In 1965, President Lyndon Johnson insisted that "the policeman is the frontline soldier in our war against crime", and police forces, arms makers, policy makers, and crime experts heeded this call to arms, bringing weapons and practices from the arena of war back home. The Punitive Turn in American Life offers a political and cultural history of the ways in which punishment and surveillance have moved to the center of American life and become imbued with militarized language and policies. Michael S. Sherry argues that, by the 1990s, the "war on crime" had been successfully broadcast to millions of Americans at an enormous cost and that the currents of vengeance that ran through the punitive turn, underwriting torture at home and abroad, found a new voice with the election of Donald J. Trump.
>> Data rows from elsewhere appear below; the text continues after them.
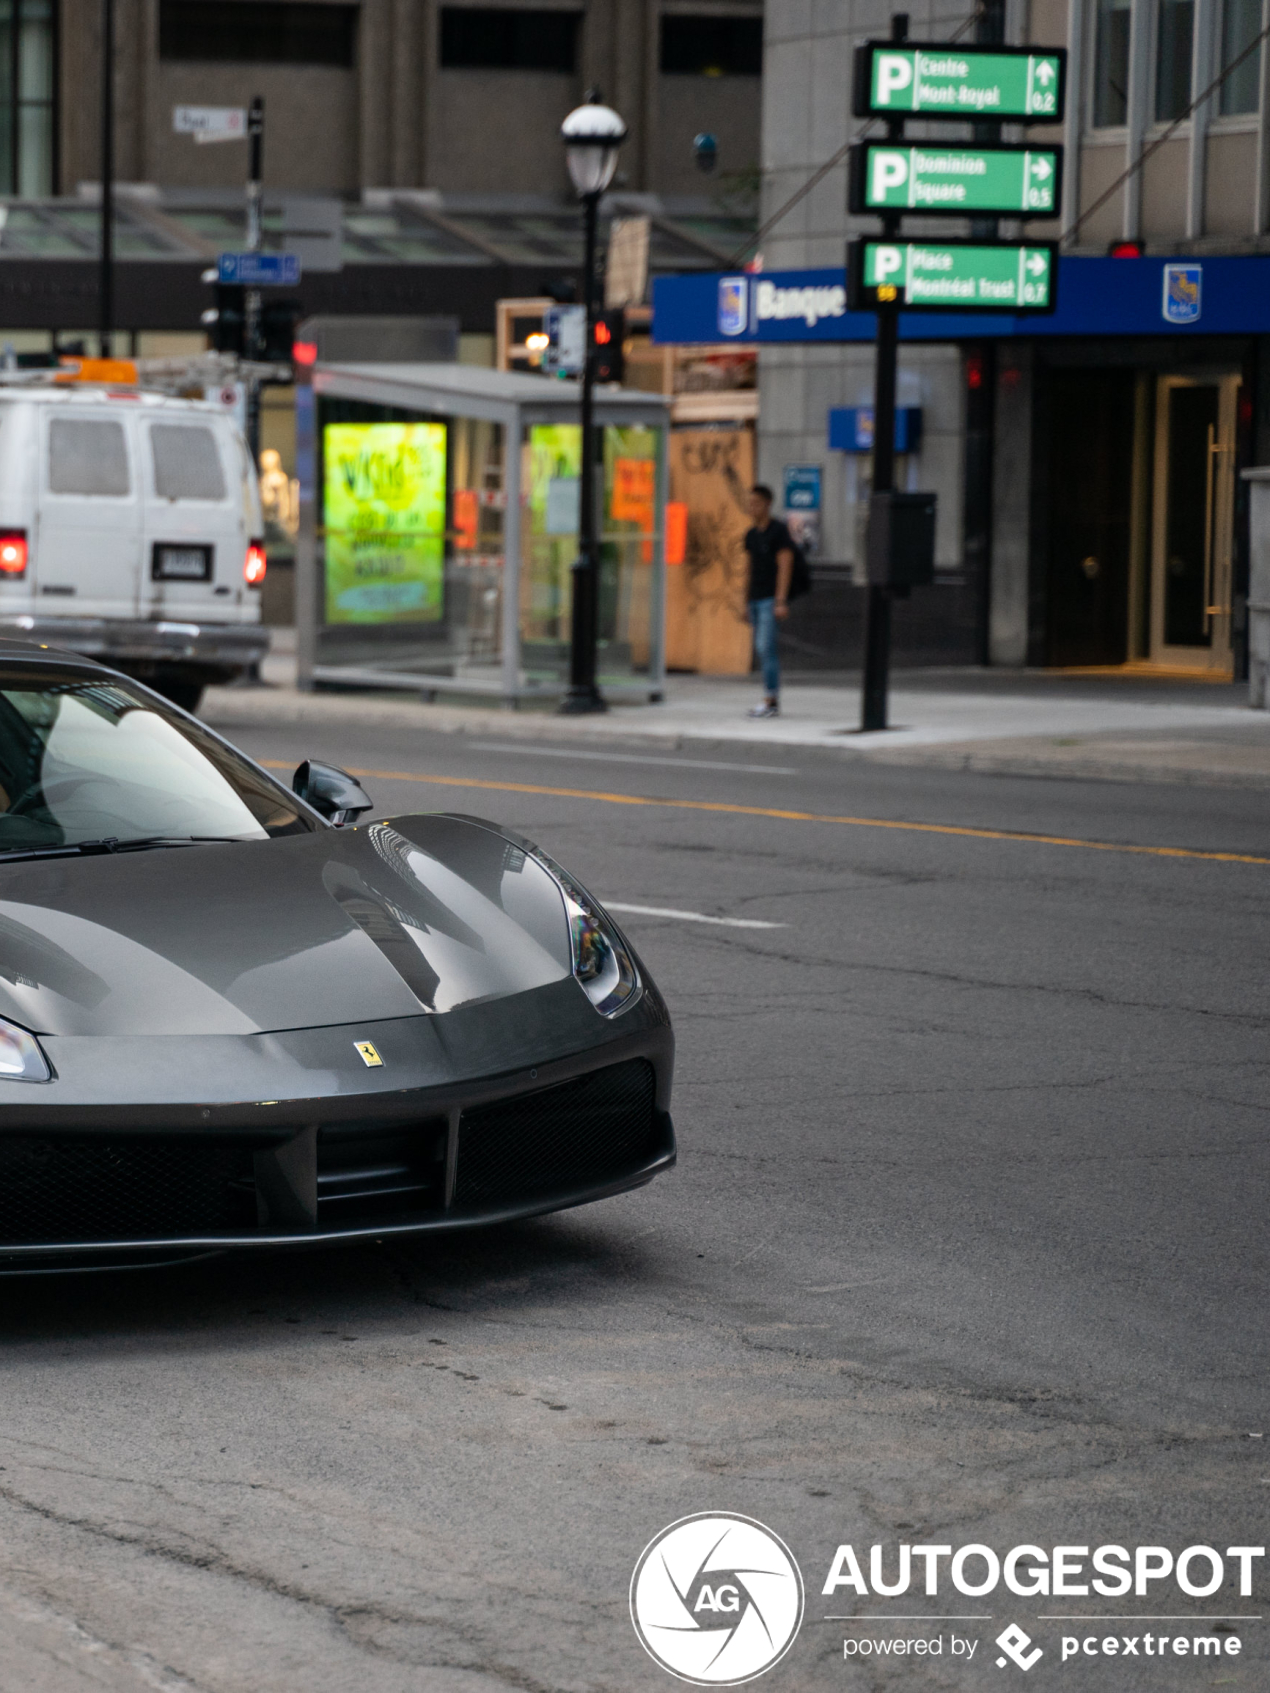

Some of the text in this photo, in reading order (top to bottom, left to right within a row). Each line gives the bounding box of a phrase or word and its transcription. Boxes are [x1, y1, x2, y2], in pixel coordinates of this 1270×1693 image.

[876, 54, 912, 105] P
[919, 57, 970, 77] Centre
[919, 84, 1000, 110] Mont-Royal
[872, 152, 908, 202] P
[916, 154, 986, 175] Dominion
[914, 181, 966, 205] Square
[874, 246, 902, 282] P
[913, 249, 953, 270] Place
[911, 276, 1016, 298] Montréal Trust
[756, 280, 847, 328] Banque
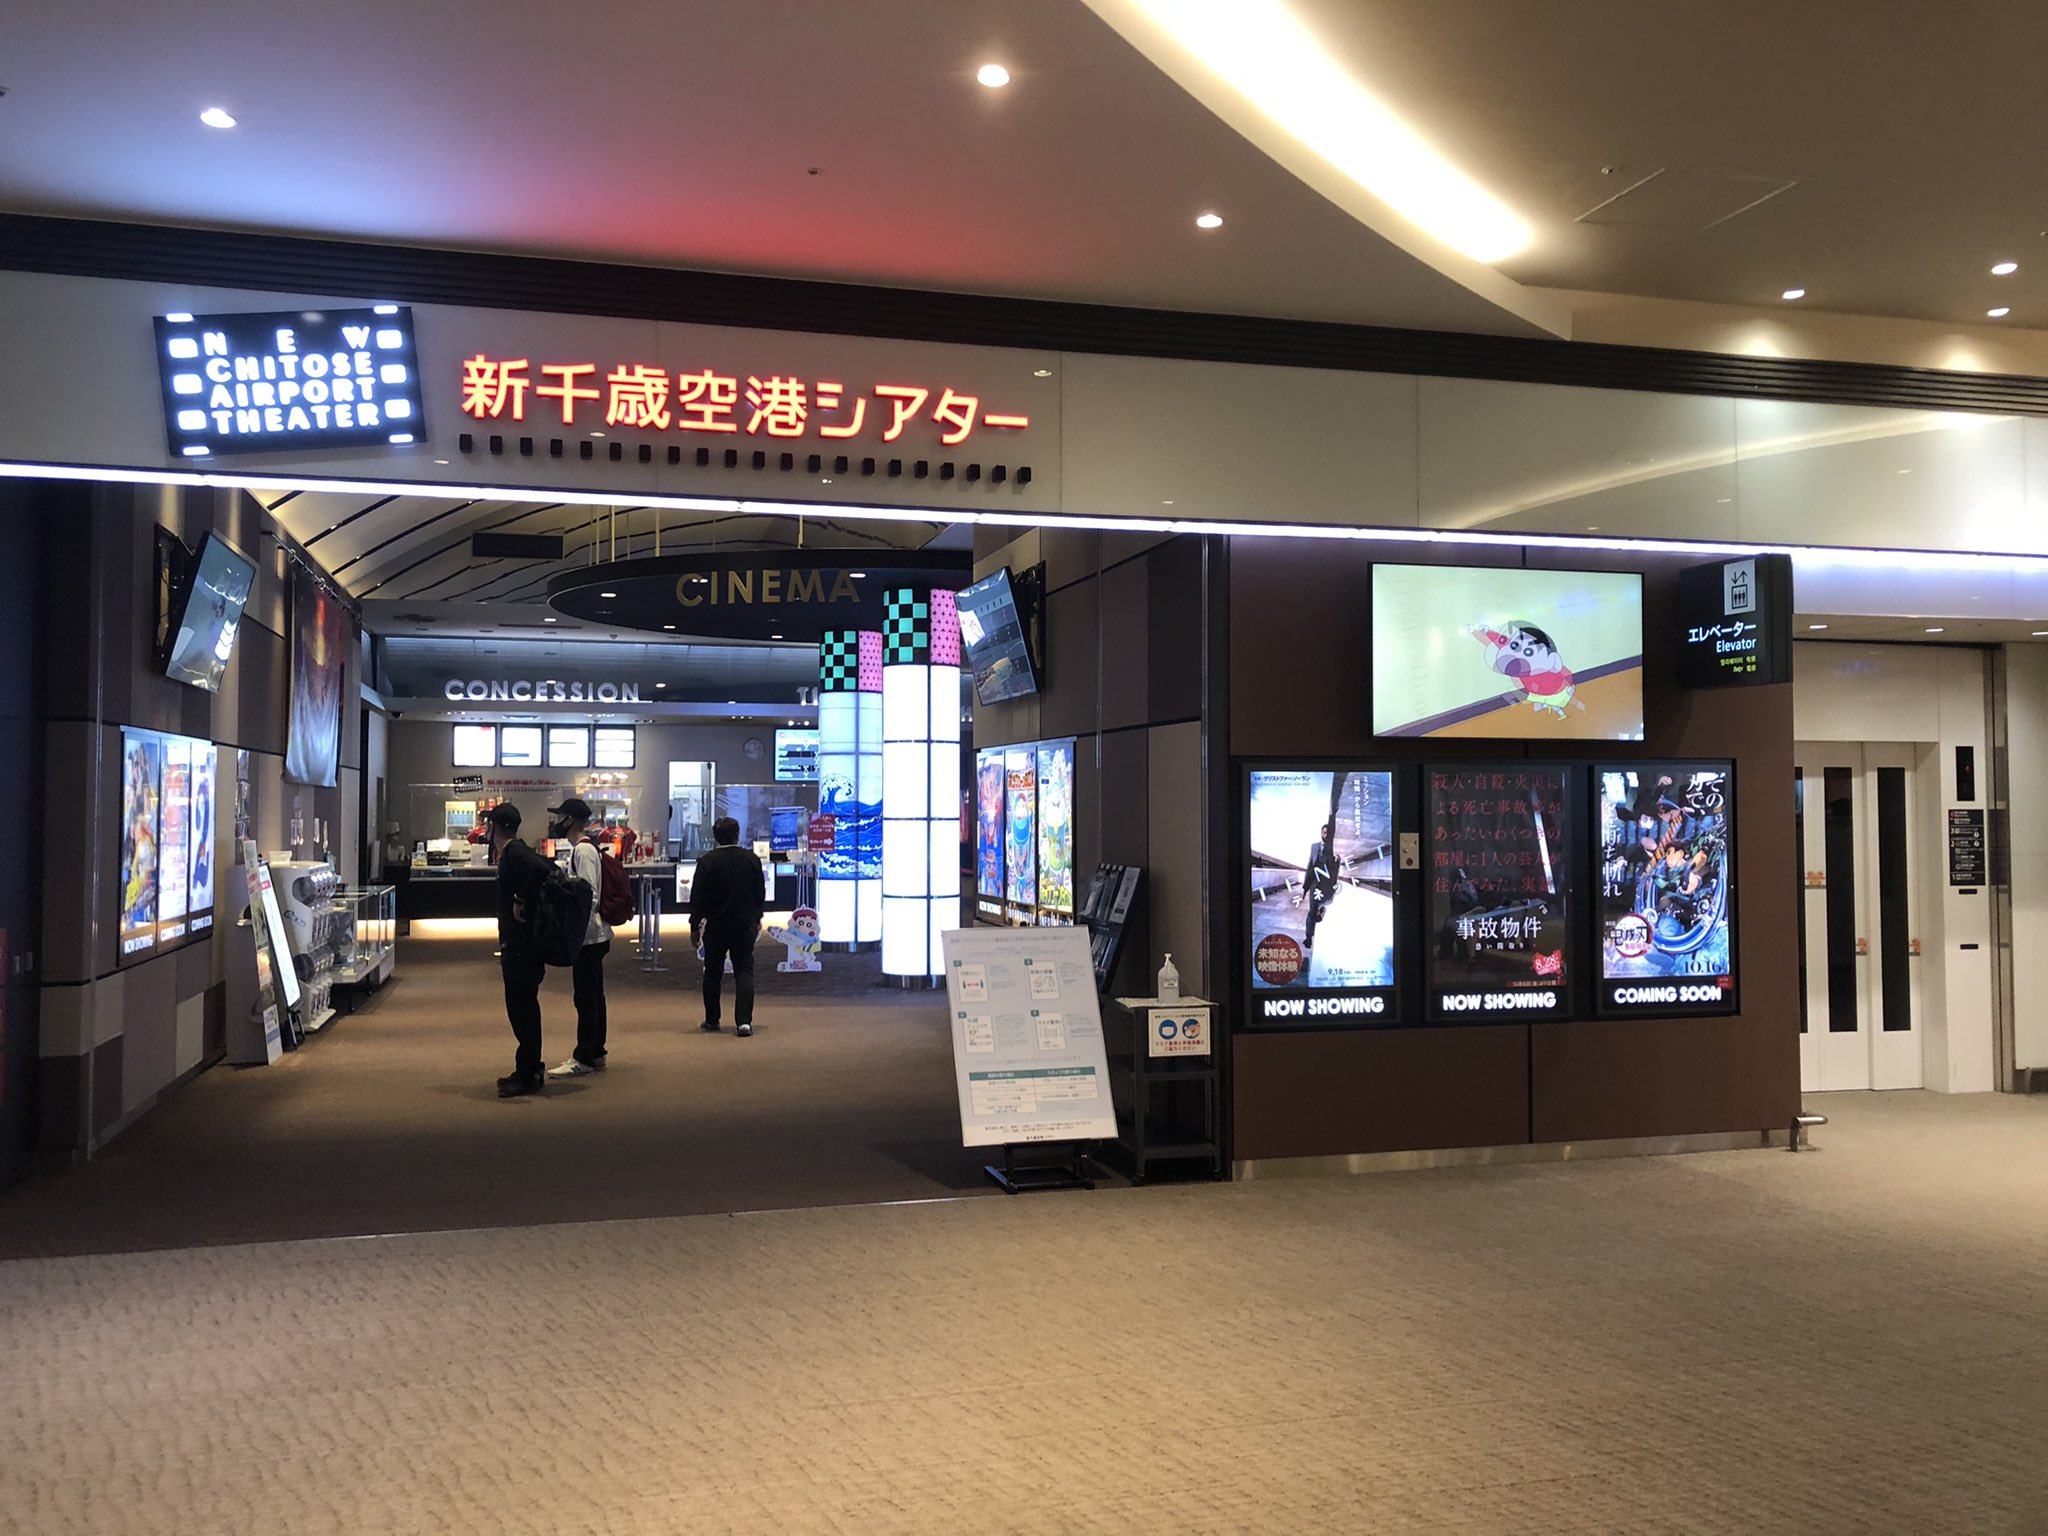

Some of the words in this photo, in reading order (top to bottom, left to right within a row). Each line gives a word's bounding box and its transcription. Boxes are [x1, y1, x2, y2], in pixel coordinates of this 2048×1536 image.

[203, 326, 370, 356] NEW
[206, 351, 375, 383] CHITOSE
[210, 377, 376, 409] AIRPORT
[460, 354, 1028, 446] 新千歳空港シアター
[211, 402, 379, 435] THEATER
[676, 569, 860, 607] CINEMA
[1688, 621, 1757, 642] エレベーター
[1716, 639, 1757, 653] Elevator
[444, 679, 639, 702] CONCESSION
[1433, 774, 1559, 789] 殺人・自殺・火災に
[1455, 916, 1542, 940] 事故物件
[1258, 947, 1298, 959] 未知なる
[1258, 961, 1298, 972] 映像体験
[1328, 968, 1343, 976] 9.18
[1443, 994, 1481, 1011] NOW
[1484, 992, 1556, 1010] SHOWING
[1614, 986, 1677, 1004] COMING
[1680, 985, 1721, 1002] SOON
[1264, 999, 1305, 1016] NOW
[1308, 997, 1385, 1016] SHOWING
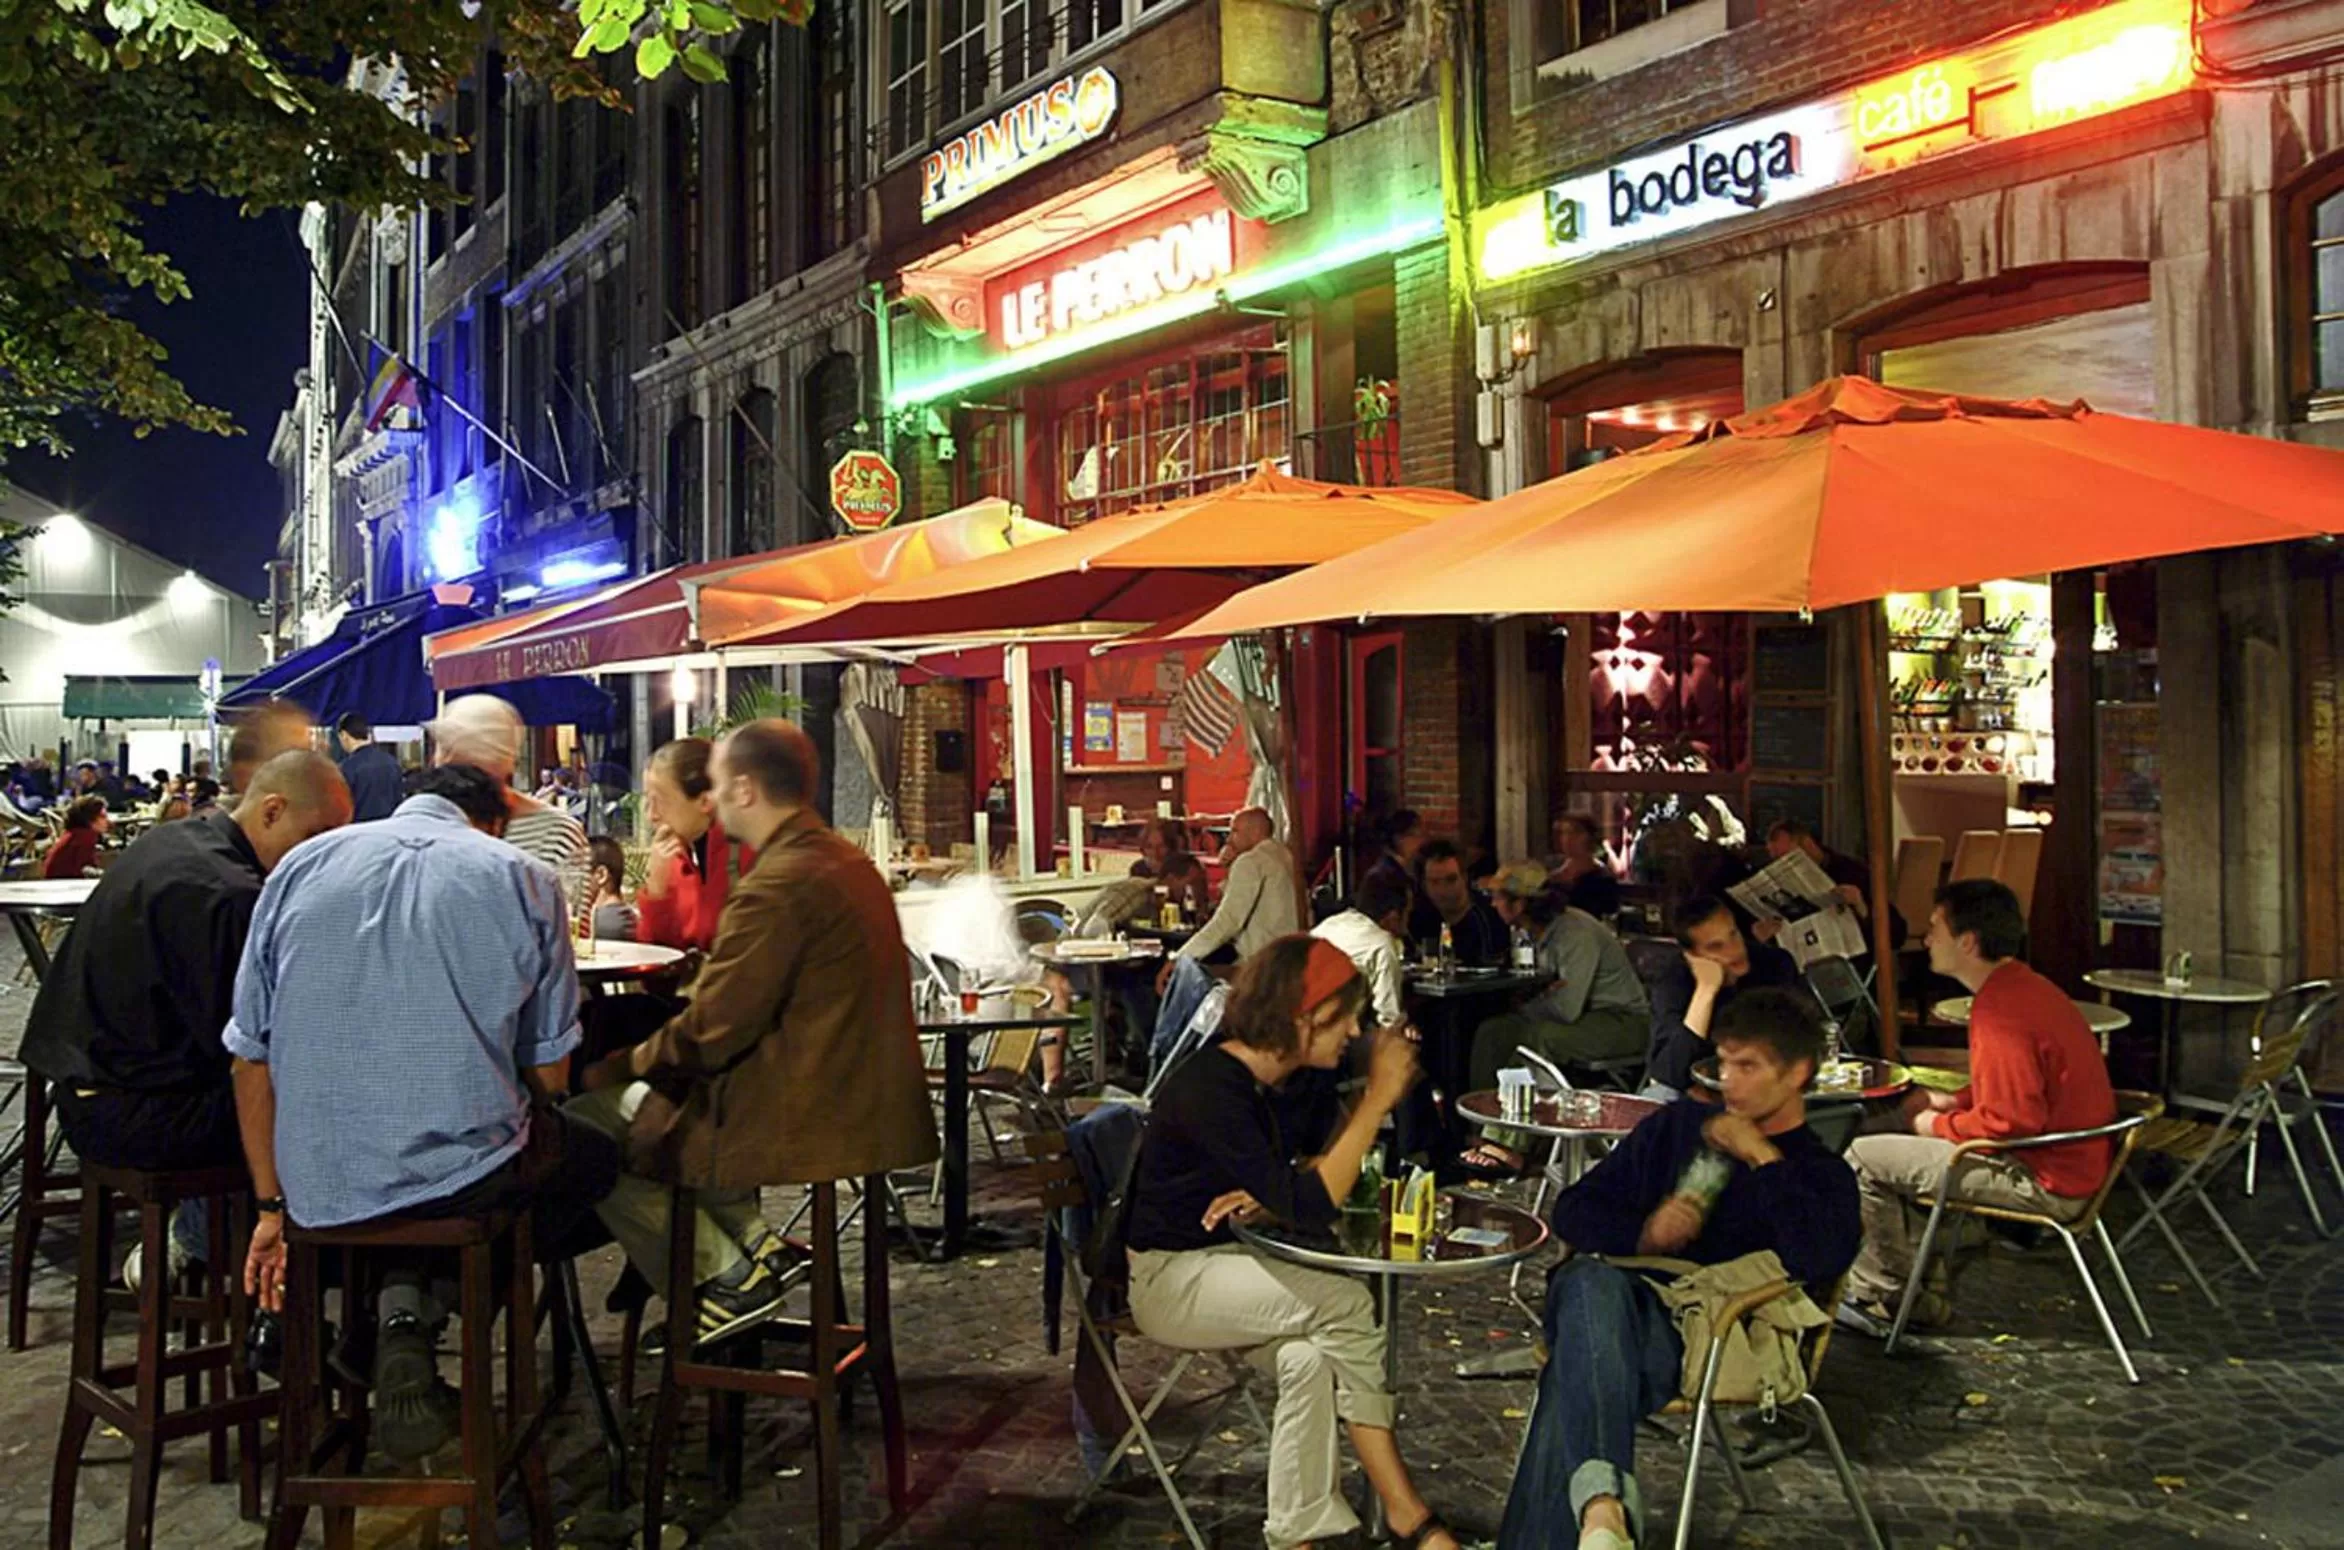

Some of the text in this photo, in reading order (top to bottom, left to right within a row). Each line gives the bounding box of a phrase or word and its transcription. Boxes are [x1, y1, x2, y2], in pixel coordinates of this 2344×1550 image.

[922, 76, 1074, 203] PRIMUS
[1545, 190, 1581, 247] la
[1609, 131, 1797, 227] bodega
[1858, 67, 1952, 138] café
[1001, 209, 1232, 348] LE PERRON
[523, 634, 590, 675] PERRON
By 2020, the connections between war-fighting and crime-fighting remained powerful, evident in campaigns against undocumented immigrants and the militarized police response to the nationwide uprisings after George Floyd's murder.

From the racist system of mass incarceration and the militarization of criminal justice to gated communities, public schools patrolled by police, and armies of private security, Sherry chronicles the United States' slide into becoming a meaner, punishment-obsessed nation.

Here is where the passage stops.